1. Introduction
- Misunderstanding in person often arise
- A single message framed in different ways can lead to different conclusions.
- LLMs also have their frames → Humans' frame and LLMs' frame can be different
- prompt by human critically influences the quality of response
- An individual's unique frame of thought → challenging to assess the clarity of their questions and to align their frames with those of LLMs
Motivating Example
![](https://velog.velcdn.com/images/0404_not_found/post/734f058a-a669-42a7-b3c4-ab2a9197d252/image.png)
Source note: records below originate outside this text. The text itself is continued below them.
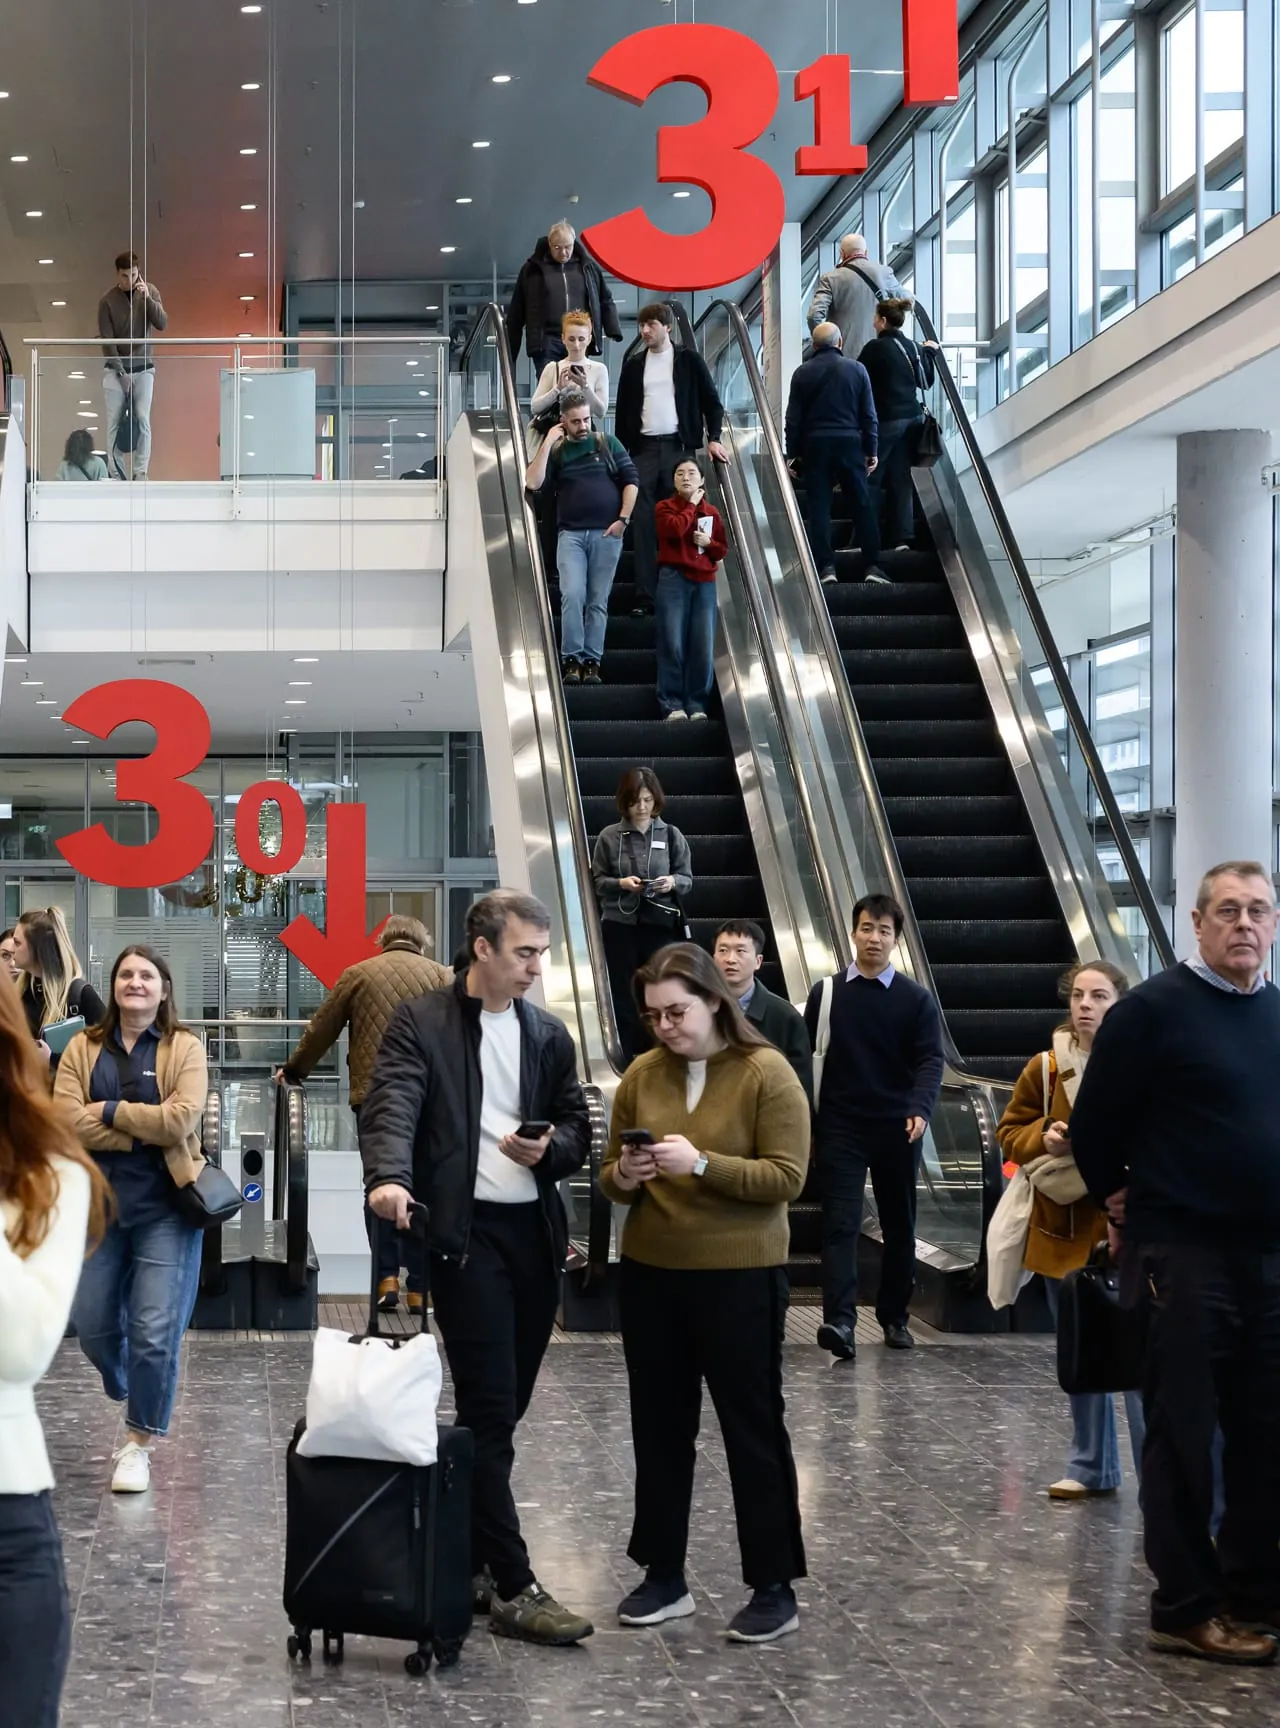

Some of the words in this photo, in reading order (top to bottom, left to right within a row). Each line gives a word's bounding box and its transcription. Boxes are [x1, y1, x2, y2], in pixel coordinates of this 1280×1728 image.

[581, 23, 785, 292] 3
[794, 54, 868, 176] 1
[55, 679, 215, 888] 3
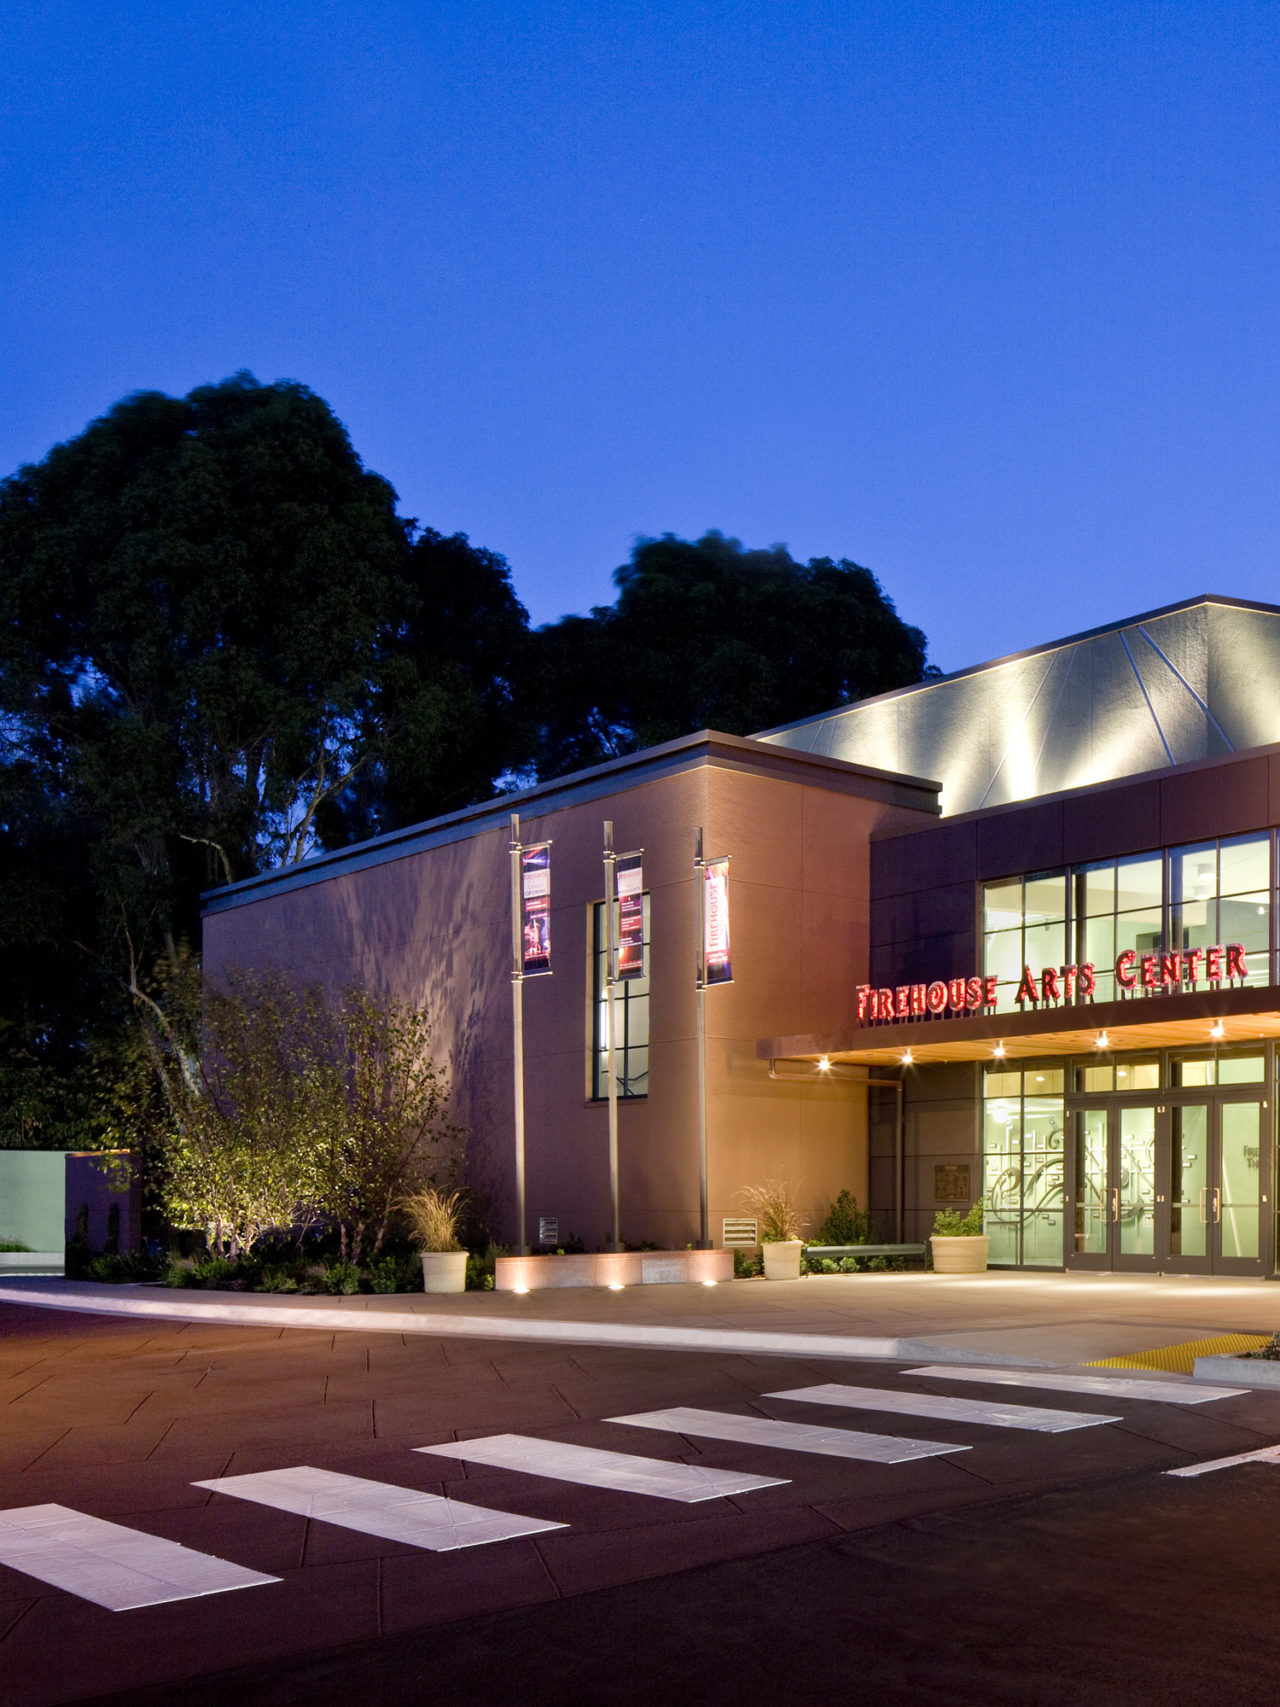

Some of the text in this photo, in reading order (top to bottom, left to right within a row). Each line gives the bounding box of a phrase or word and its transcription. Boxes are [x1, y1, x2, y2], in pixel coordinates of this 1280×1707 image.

[709, 884, 719, 947] FIREHOUSE
[855, 942, 1249, 1022] FIREHOUSE ARTS CENTER
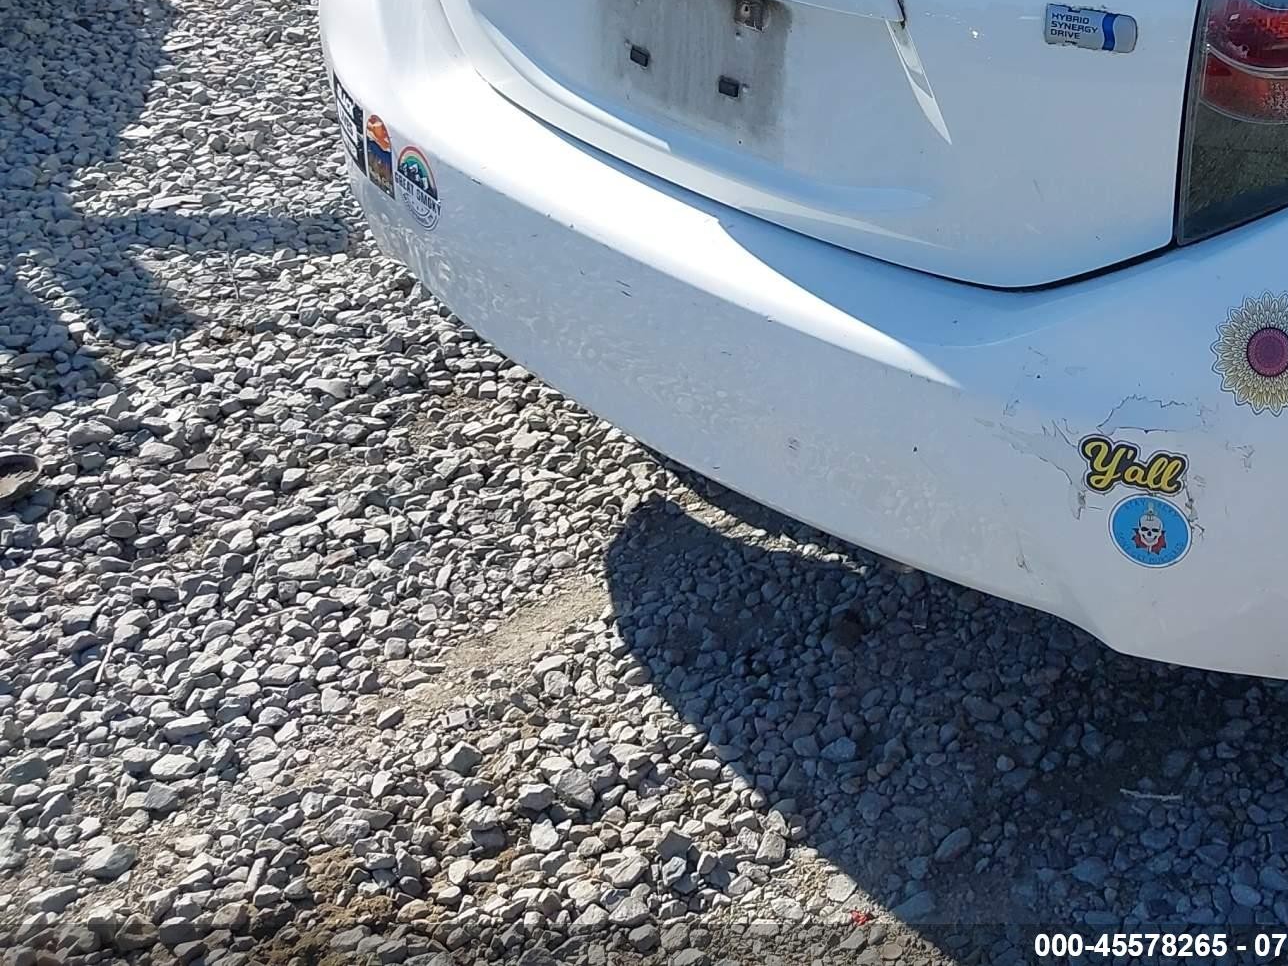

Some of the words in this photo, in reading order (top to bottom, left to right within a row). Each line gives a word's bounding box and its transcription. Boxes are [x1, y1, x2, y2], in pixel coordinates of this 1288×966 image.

[1051, 13, 1090, 24] HYBRID
[1051, 20, 1098, 33] SYNERGY
[1050, 28, 1081, 39] DRIVE
[394, 171, 414, 195] GREAT
[416, 188, 441, 216] SMOKY
[1084, 440, 1183, 492] Y'all
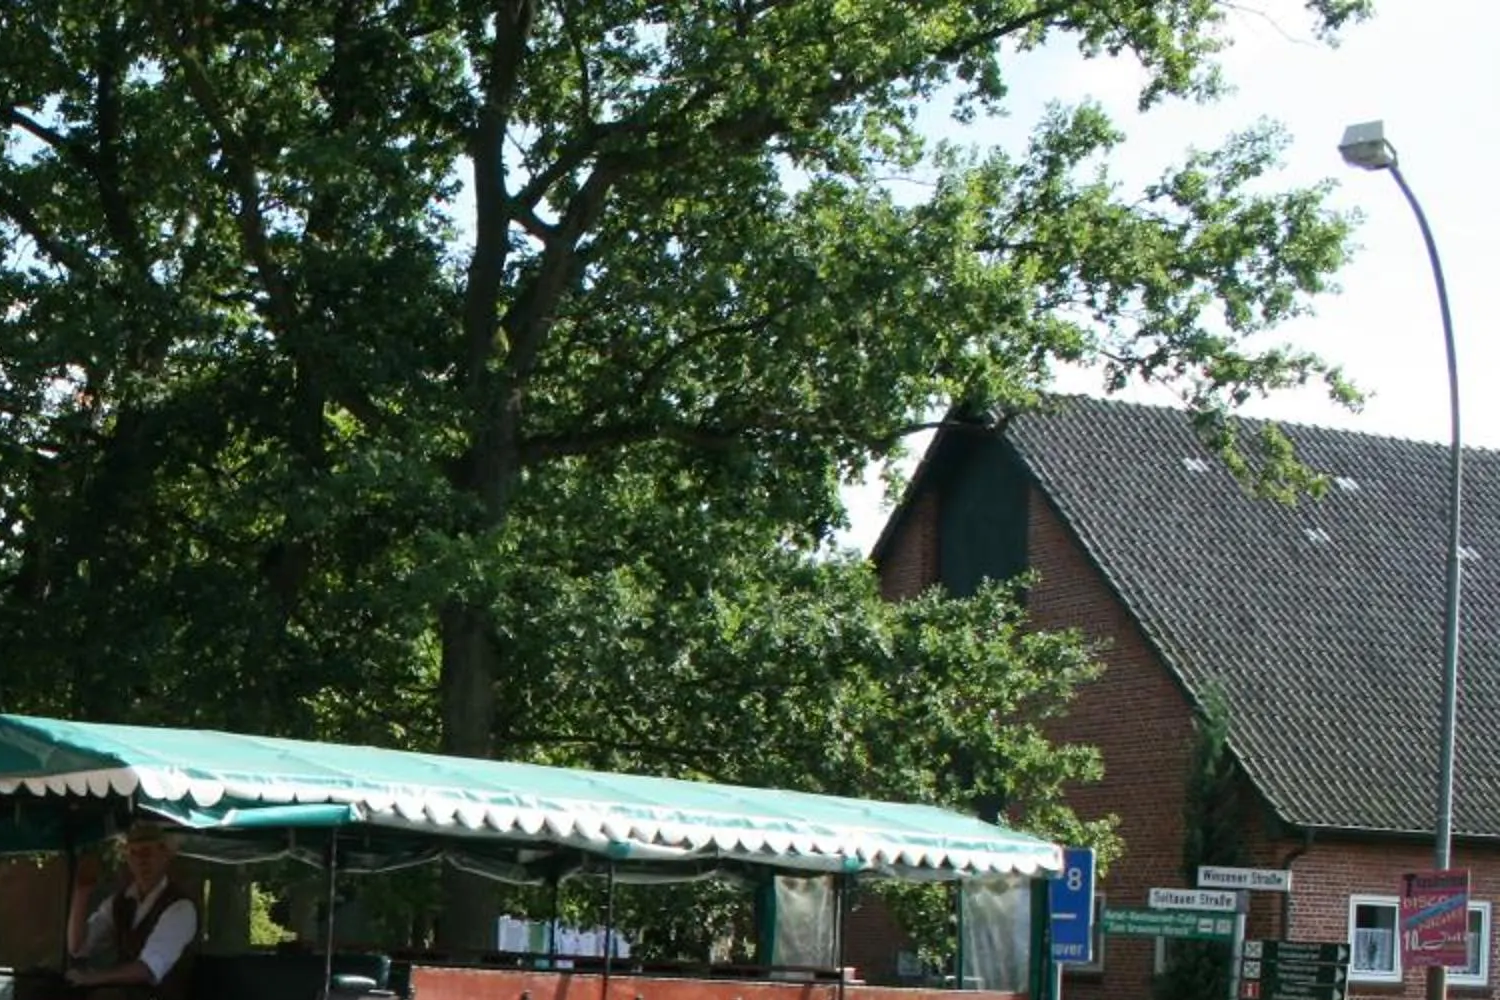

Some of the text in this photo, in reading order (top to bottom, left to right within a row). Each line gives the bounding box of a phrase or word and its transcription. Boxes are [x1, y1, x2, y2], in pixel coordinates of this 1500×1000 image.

[1250, 871, 1283, 886] Straße
[1153, 890, 1233, 906] Soltauer Straße
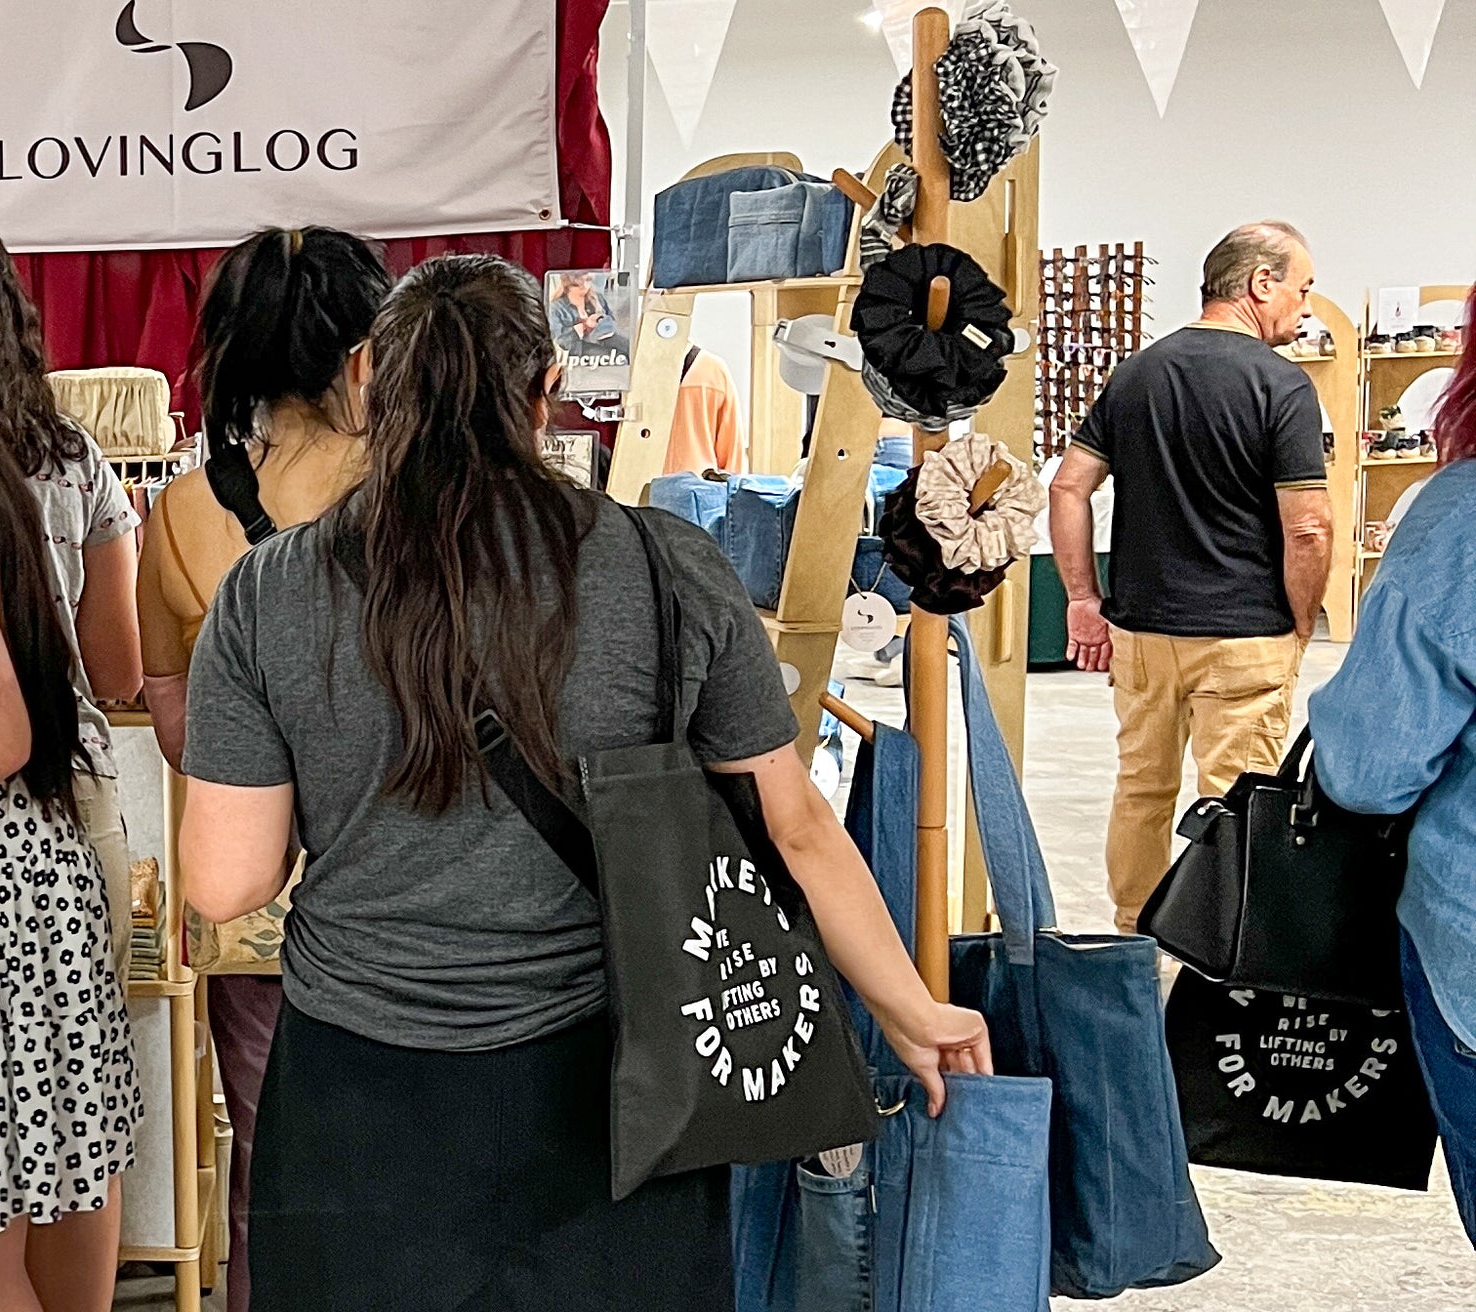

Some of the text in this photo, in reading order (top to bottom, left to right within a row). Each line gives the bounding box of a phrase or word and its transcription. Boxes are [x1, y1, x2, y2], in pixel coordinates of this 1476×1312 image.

[758, 957, 777, 978] BY
[721, 980, 765, 1012] FTING
[726, 998, 781, 1031] OTHERS
[742, 951, 821, 1102] MAKERS
[1277, 1013, 1330, 1031] RISE
[680, 997, 733, 1087] FOR
[1259, 1034, 1327, 1054] LIFTING
[1329, 1028, 1348, 1042] BY
[1215, 1033, 1256, 1098] FOR
[1270, 1052, 1335, 1071] OTHERS
[1262, 1037, 1398, 1125] MAKERS
- Chain of Thought (CoT) → relying on user-led follow-up questions to correct its previous wrong answers
- When GPT-4 explains its reasoning, it appears that the model has several ambituities toward the questions.
- This ambiguity in question is recognized in benchmark (even challenging for human)
⇒ Reduce ambiguity and contextualize information in a way that aligns with the existing frame of the LLMs
Suggested Approach
- Let the LLM to rephrase the question and incorporate additional details for better answering
- Rephrased question tend to enhance semantic clarity and resolve inherent ambiguity
![](https://velog.velcdn.com/images/0404_not_found/post/d3c35df2-fbe0-41f6-b6f5-e468825ba47e/image.png)
- One-Step RaR → rearticulate the given question and respond in a single prompt
- Two-Step RaR → rephrasing LLM and responding LLM
- facilitates the transfer of rephrased questions from more capable LLMs to less advanced models
- CoT → augmentations either at the beginning or the end of a query
- RaR → directly modify the query itself → easily combined with CoT
- unsupervised and training-free
2. Rephrase and Respond
2.1 One-step RaR
"{question}"
Rephrase and expand the question, and respond
![](https://velog.velcdn.com/images/0404_not_found/post/762c5012-4f86-4c98-97a4-5f0c8cb6d2f8/image.png)
2.2 Two-step RaR
among Humans, a more detailed and precise question elicits in more accurate and decisive responses.
Rephrasing LLM prompt
"{question}"
Given the above question, rephrase and expand it to help you do better answering. Maintain all information in the original question.
Responding LLM prompt
(original) {question}
(rephrased) {rephrased_question}
Use your answer for the rephrased question to answer the original question.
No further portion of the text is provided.